Wer oder was prägt das Bild von Schwangerschaft?

  • Die frühe Schwangerschaft ist eine labile und eine sehr innerliche Phase. Es ist die Zeit der großen Umstellungen, der intensiven, ganz unterschiedlichen Empfindungen und der Suche nach Orientierung. Freude, Unsicherheit und Angst wechseln sich ab. Viele Frauen wollen jetzt noch nicht öffentlich über ihre Schwangerschaft sprechen. Zu fragil und unsicher ist dieser neue Zustand. „Es“ soll noch eine Weile ein Geheimnis bleiben. Gleichzeitig besteht gerade jetzt und besonders beim ersten Kind ein großer Bedarf, über dieses bewegende Geschehen zu sprechen. Deshalb suchen die Frauen – so wie sie es kennen – die medizinische Begleitung, kaum dass der Schwangerschaftstest positiv ist. Von ihren BegleiterInnen werden sie dann in den neuen sozialen Status eingeführt. Sie werden über Vorsichtsmaßnahmen unterrichtet und erhalten Verhaltensregeln. Das vermittelt ihnen Sicherheit.

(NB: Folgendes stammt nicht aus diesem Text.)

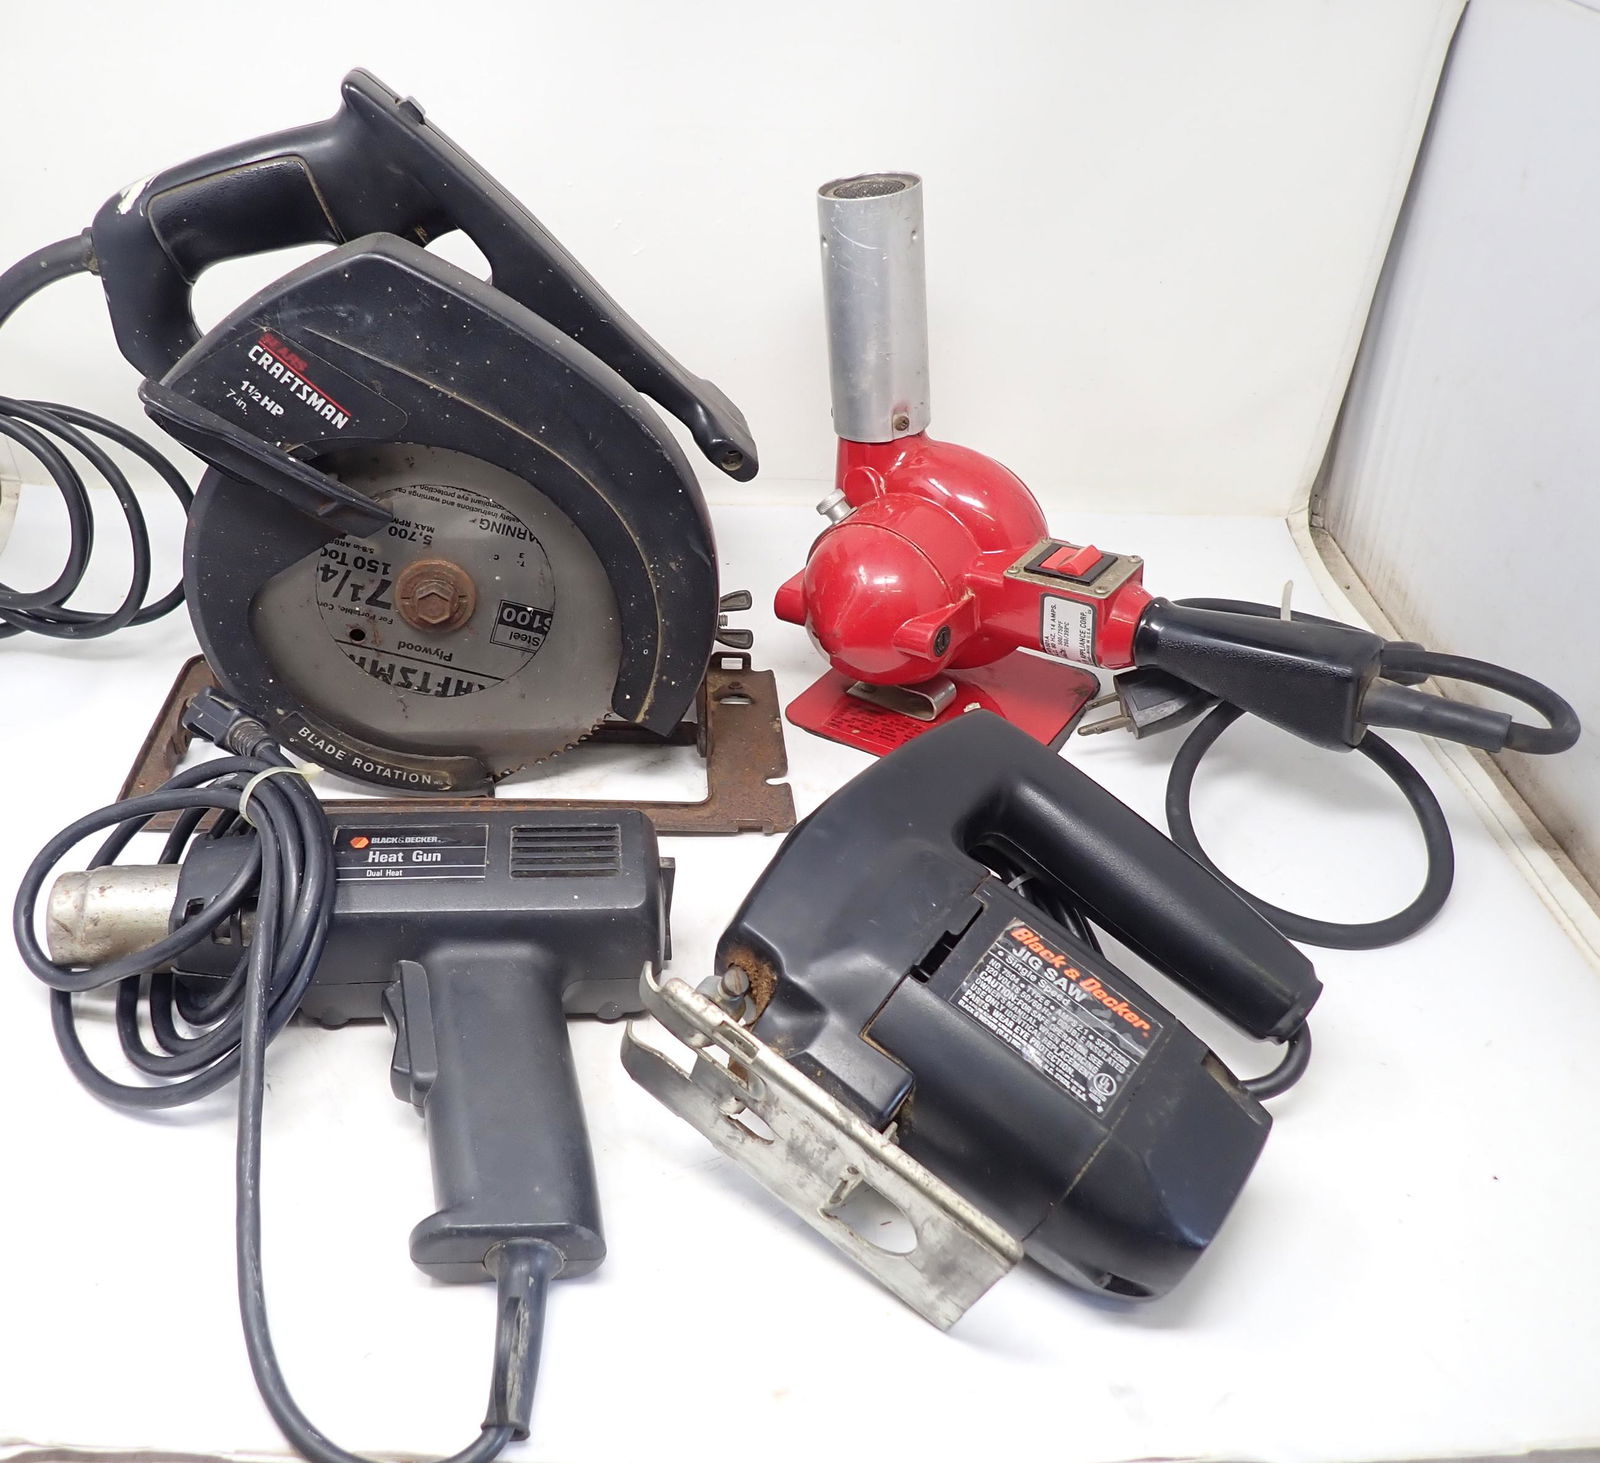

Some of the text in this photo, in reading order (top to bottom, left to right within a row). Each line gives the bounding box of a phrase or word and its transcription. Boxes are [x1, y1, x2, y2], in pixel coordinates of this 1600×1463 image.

[248, 345, 348, 429] CRAFTSMAN
[409, 490, 440, 502] warnings
[457, 502, 498, 518] instructions
[389, 526, 433, 545] 5,700
[415, 521, 434, 533] MAX
[479, 518, 541, 544] ARNING
[353, 556, 392, 575] 150
[379, 616, 393, 624] For
[398, 641, 453, 661] Plywood
[509, 632, 540, 646] Steel
[350, 654, 486, 697] AFTSM
[298, 727, 431, 785] BLADE ROTATION
[368, 850, 441, 862] Heat Gun
[366, 869, 402, 877] Dual Heat
[1010, 928, 1068, 969] Black
[1063, 967, 1081, 982] &
[1000, 967, 1020, 984] 7504
[1005, 955, 1071, 1006] Single Speed
[1012, 946, 1087, 1002] JIG SAW
[969, 982, 987, 998] USE
[983, 993, 1005, 1013] ONLY
[1003, 1008, 1042, 1040] IDENTICAL
[1040, 1036, 1094, 1080] REPLACEMENT
[983, 964, 999, 977] 120
[995, 973, 1021, 994] VOLTS
[1019, 990, 1043, 1011] 50/60
[1055, 1018, 1086, 1044] DOUBLE
[1083, 1039, 1126, 1074] INSULATED
[964, 989, 992, 1012] PARTS.
[991, 1008, 1015, 1029] WEAR
[1012, 1025, 1030, 1041] EYE
[1028, 1037, 1077, 1077] PROTECTION.
[1016, 998, 1032, 1013] FOR
[1029, 1008, 1050, 1027] SAFE
[1087, 1052, 1104, 1067] SEE
[1036, 1023, 1061, 1045] WHEN
[1058, 1041, 1099, 1074] SERVICING

    Die Art und Weise, wie eine Frau in diese neue Rolle eingeführt wird, hat entscheidende Bedeutung für ihr eigenes Bild vom Schwangersein. Letztlich geht es um die Frage, welcher kulturelle Entwurf der Schwangerschaft hier übermittelt wird. Denn bei dieser Initiation werden ja nicht nur Wissen und Informationen weitergegeben, sondern auch Körperkonzepte und Bilder vom Frauenkörper und seiner reproduktiven Fähigkeit. Dies geschieht nicht nur über die Worte, sondern vor allem über die innere Haltung der Begleitenden.

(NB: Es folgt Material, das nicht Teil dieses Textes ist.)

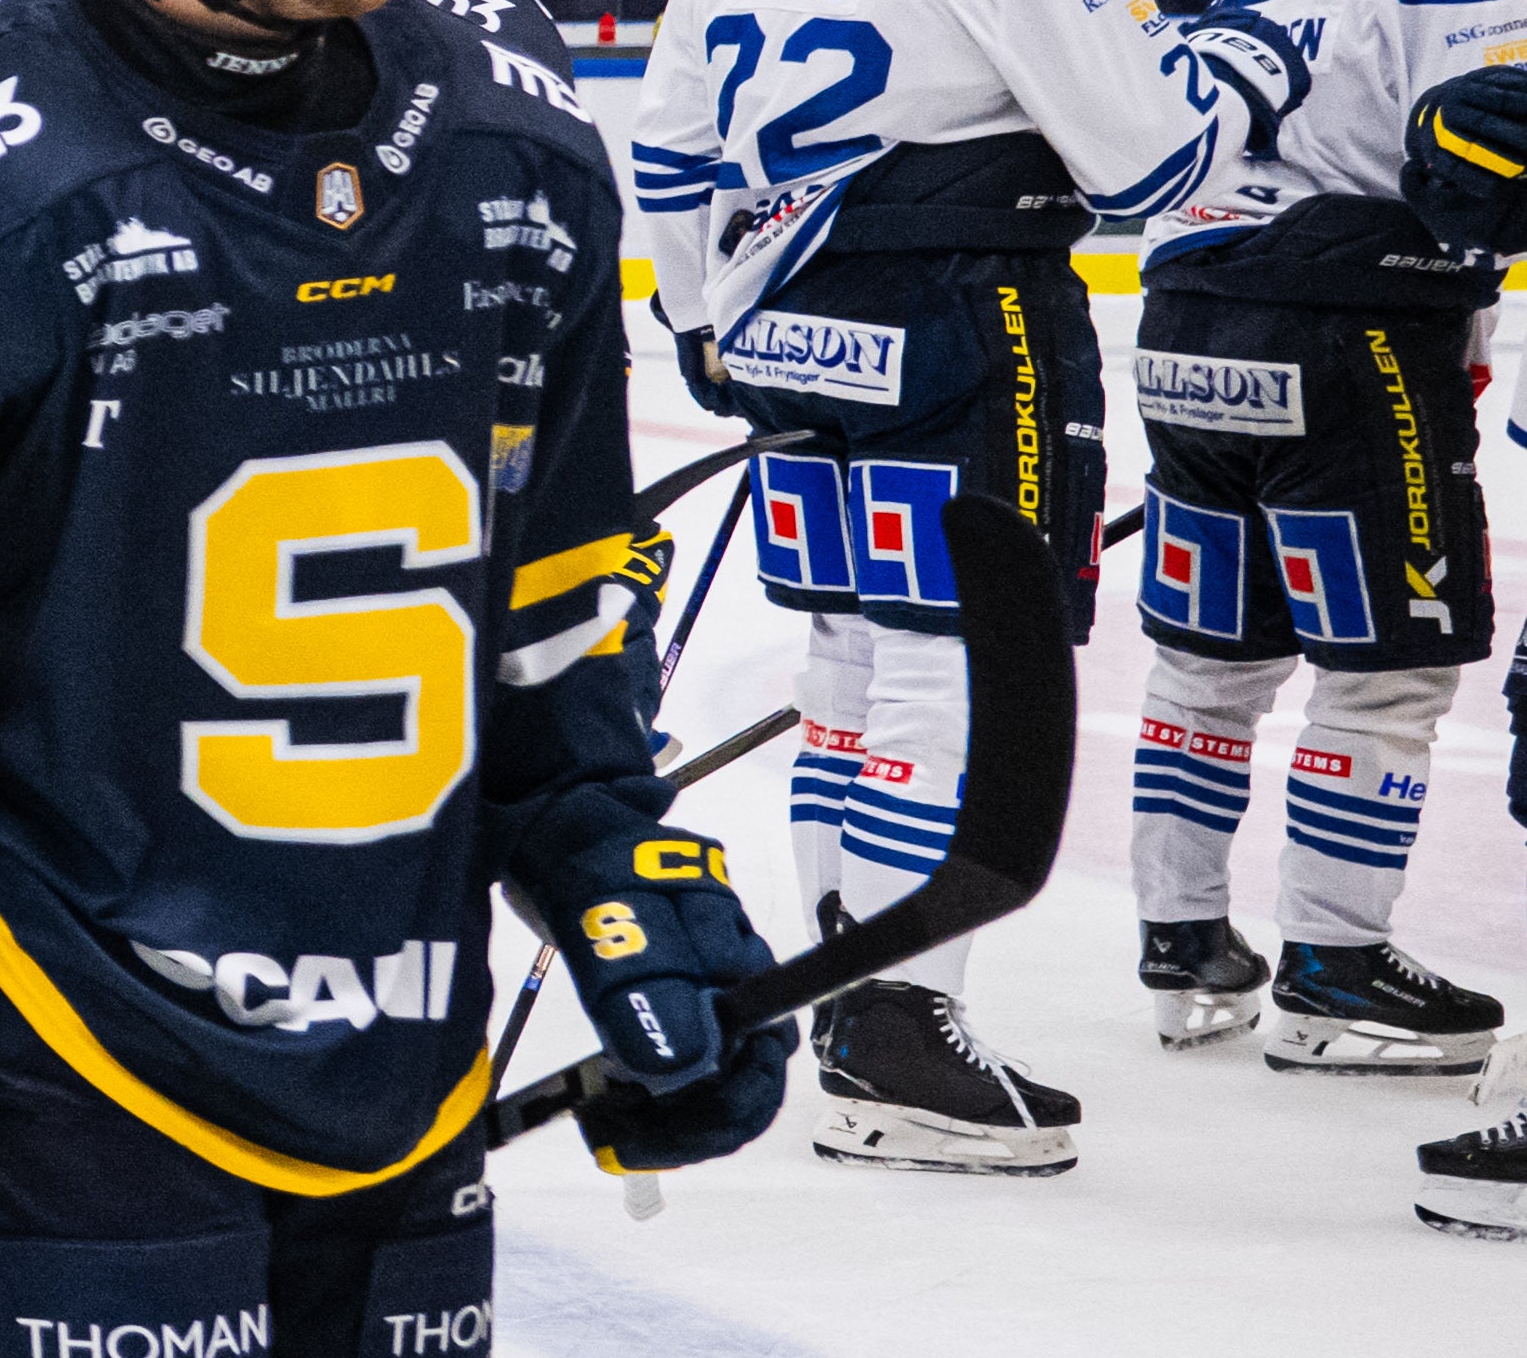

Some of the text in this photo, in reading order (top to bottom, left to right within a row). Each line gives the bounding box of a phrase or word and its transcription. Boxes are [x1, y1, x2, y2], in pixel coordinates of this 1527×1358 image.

    Auch über die Medien werden Bilder und Konzepte übermittelt. „Eine Schwangerschaft ist etwas ganz Natürliches und ein gesunder Prozess“, viele Informationsbroschüren beginnen in diesem Tenor. Daran anschließend folgen dann allerdings zahlreiche Regeln, verunsichernde Informationen und die Frau erfährt, dass sie eine ganze Reihe von Entscheidungen treffen muss. Welche Botschaften, Rollenmodelle und Erwartungen werden hier tatsächlich vermittelt? Welche Wirkungen hat das auf die eigenen Bilder vom Schwangergehen und Gebären? Und welche Rolle spielen die Hebammen für die Sozialisation der Schwangeren?

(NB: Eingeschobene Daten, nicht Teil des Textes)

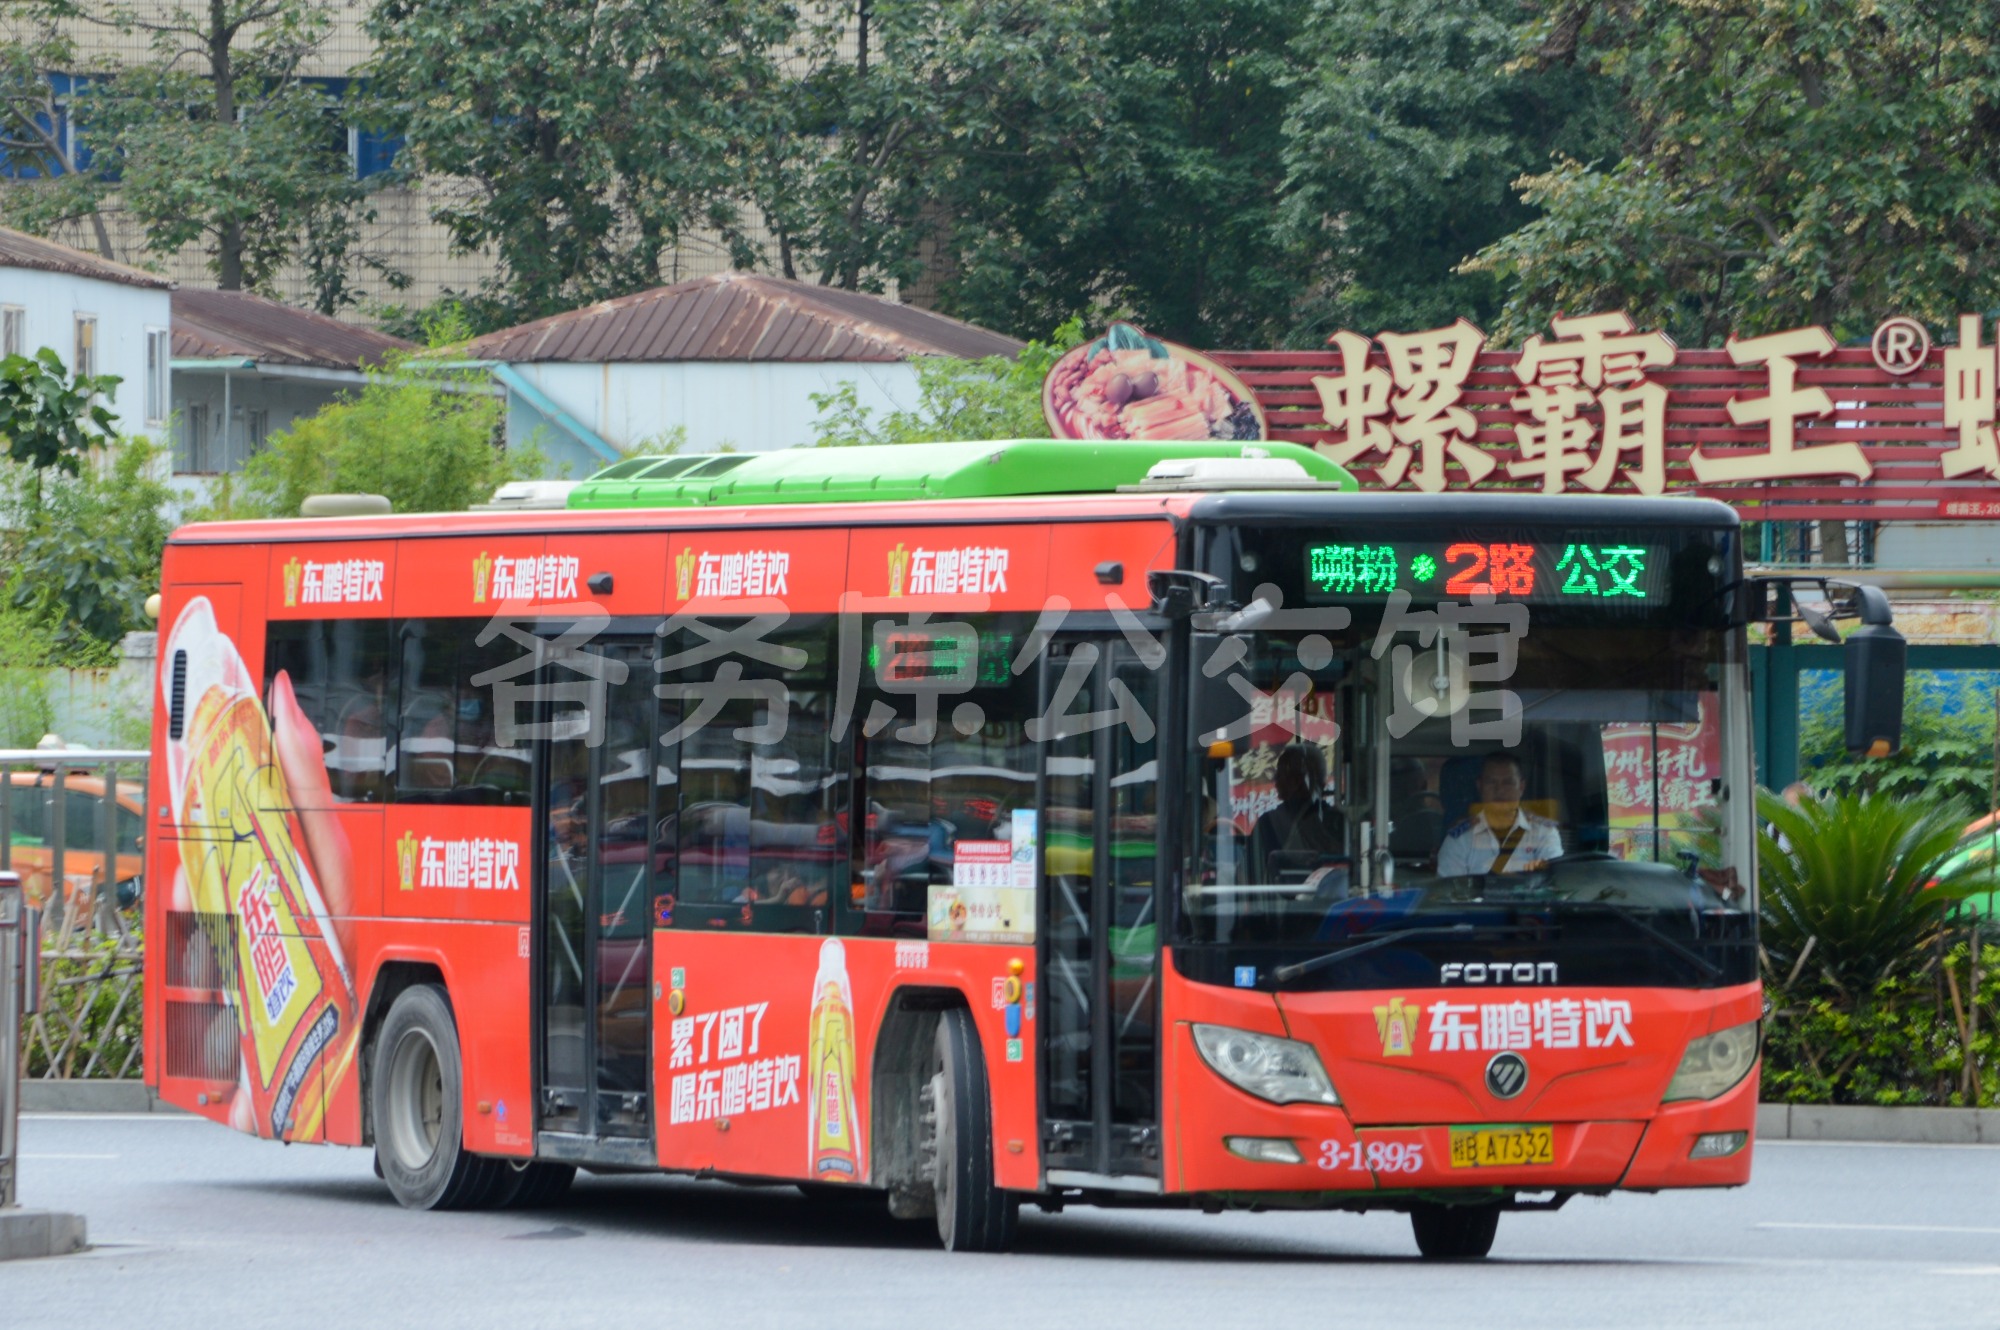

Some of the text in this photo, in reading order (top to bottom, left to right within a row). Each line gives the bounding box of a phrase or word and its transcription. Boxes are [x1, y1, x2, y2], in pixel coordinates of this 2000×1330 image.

    Die Begleitung in der frühen Schwangerschaft sollte uns besonders am Herzen liegen! Wir sollten die Frauen hier nicht alleine lassen. Das ist besonders wichtig für diejenigen, deren Schwangerschaft belastet ist durch eine Grunderkrankung, durch psychische oder soziale Probleme. Eine intensive Hebammenbegleitung in der Frühschwangerschaft bedeutet nicht nur das individuelle, sondern auch das gesellschaftliche Bild der Schwangerschaft entscheidend mitzuprägen. Gemeinsam mit der Frau die Weichen stellen und ihr vermitteln, dass sie selbst hier die wichtigste Person und Expertin ist, ist eine der nachhaltigsten Aufgaben von Hebammen. Wir sollten uns diese Chance nicht nehmen lassen!